OUCH: I think I have a biter!
Not to toot my own hooters, but I have been a successful nurser to date. I've nursed my first two for a cumulative total of five years. Now, I'm nursing my third, and we're eight months in. However. This little one -- a boy, unlike the first two, so perhaps that may make it different -- has begun to bite! OUCH! For any of you mamas who have been chomped on, whether or not your babe has teeth, you know the feeling. It is painful. It is not fun.
I know when he wants to chomp. He clamps down when he's distracted, when it happens to be noisy, when he's overtired, oversleepy. After a three-day weekend away, with many occasions when I've tried to nurse him for comfort, he's bitten me one. too. many. times. Now, I am sore. Even when he has a good latch, it hurts when he nurses. Every time his sucking slows, dangerously slow, I am ready to flinch. I am nervous now, and my heart has been beating a bit harder every time we set down to nurse.
I'm thinking: maybe we pump a bit more and nurse a bit less? Maybe we use nursing less as a comfort mechanism? The thought makes me sad, as I have had such a warm, cuddly experience with the years of nursing. Do I "discipline" him, for ever bite? Scold him? Firmly say "NO", and refuse to continue? I know I'm not the only one whose nips have been nipped!








OK, I know I'm going to sound like the worst mom of the year, but my first daughter did this a lot and the only way I was able to get her to quit was to flick her on the cheek as she was doing it. Not hard enough to hurt, but enough to stun her and make her think "hey, what was that for?" After a few times she realized that any time she bit me she was going to get a little shocker. Aaaaand, commence to judging.
Posted by: Hadey | May 26, 2010 at 10:25 PM
You say "ow!" (the natural response) and pull him off for 30 seconds and say "biting hurts." The trick is, though, to pull him off while he is biting, you actually have to pull him in first. At that point, he opens mouth to breath and then you've managed to break free with the least amount of pain.
When mine went through this phase, it took less than a week of doing this every time before he learned.

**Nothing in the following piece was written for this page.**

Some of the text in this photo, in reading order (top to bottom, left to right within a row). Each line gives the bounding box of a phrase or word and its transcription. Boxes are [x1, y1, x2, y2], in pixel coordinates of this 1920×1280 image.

Posted by: Nicole | May 26, 2010 at 10:27 PM
My son clamps down and smiles through gritted gums...and I smile back, which I know I'm going to regret once he gets teeth but his smiles are so dang cute. I have noticed that he also does it as a signal that he's done eating and ready for a change of scenery. If he bites and seems sleepy, that's when I pass him to daddy to rock. If he's looking around, I know he's bored and we play pat a cake or read a book My older son did it too, he would hang on with his teeth and look around. That was at nine months and he ended up self weaning shortly thereafter, which was sad for me...I just chalked it up to him being independent. If he's doing it when he seems genuinely hungry (which it doesn't sound as if he is), just say "no, that hurts mommy" and offer him a bottle of pumped milk till he gets the point.

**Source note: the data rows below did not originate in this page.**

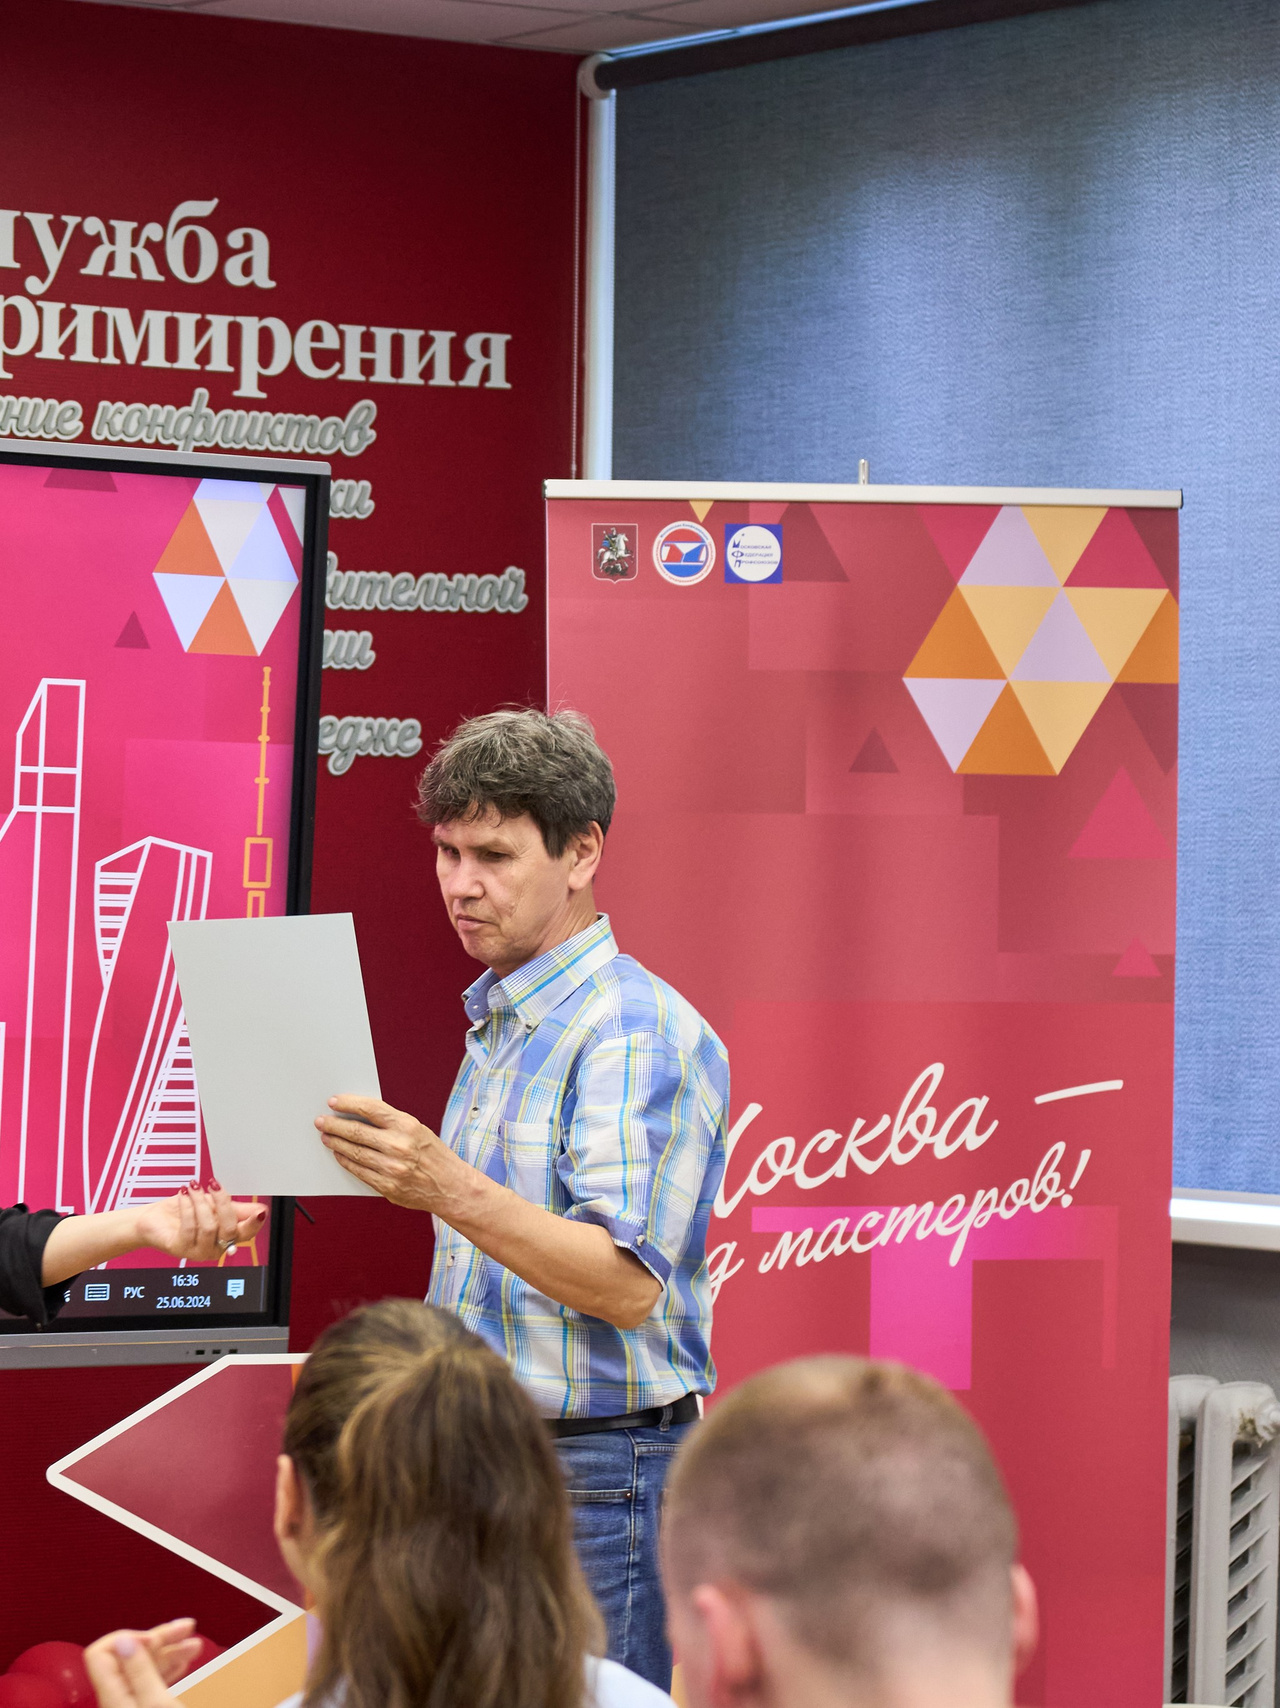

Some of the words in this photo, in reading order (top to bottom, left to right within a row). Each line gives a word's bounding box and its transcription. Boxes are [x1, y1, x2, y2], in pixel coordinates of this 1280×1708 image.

[92, 387, 377, 456] конфликтов
[757, 1141, 1092, 1274] мастеров!
[171, 1274, 199, 1287] 16:36
[123, 1286, 145, 1299] РУС
[156, 1296, 211, 1309] 25.06.2024

Posted by: amber | May 26, 2010 at 10:56 PM
When mine bit (and boy, did he), I turned to Dr. Sears... and found a suggestion that seemed counter-intuitive - instead of trying to pull him off, push him IN, so his face is smooshed into your breast for not even a second. When he lets go, you pull him off and you make eye contact and say "no biting" and then re-latch if he needs it. I was skeptical, but with only a few repeats over the course of 3 days it worked and we kept nursing until he was almost 3 yrs old. So it's a "gentle discipline" combined with their instinct to not get smothered...for us, it was a bit less traumatic. good luck!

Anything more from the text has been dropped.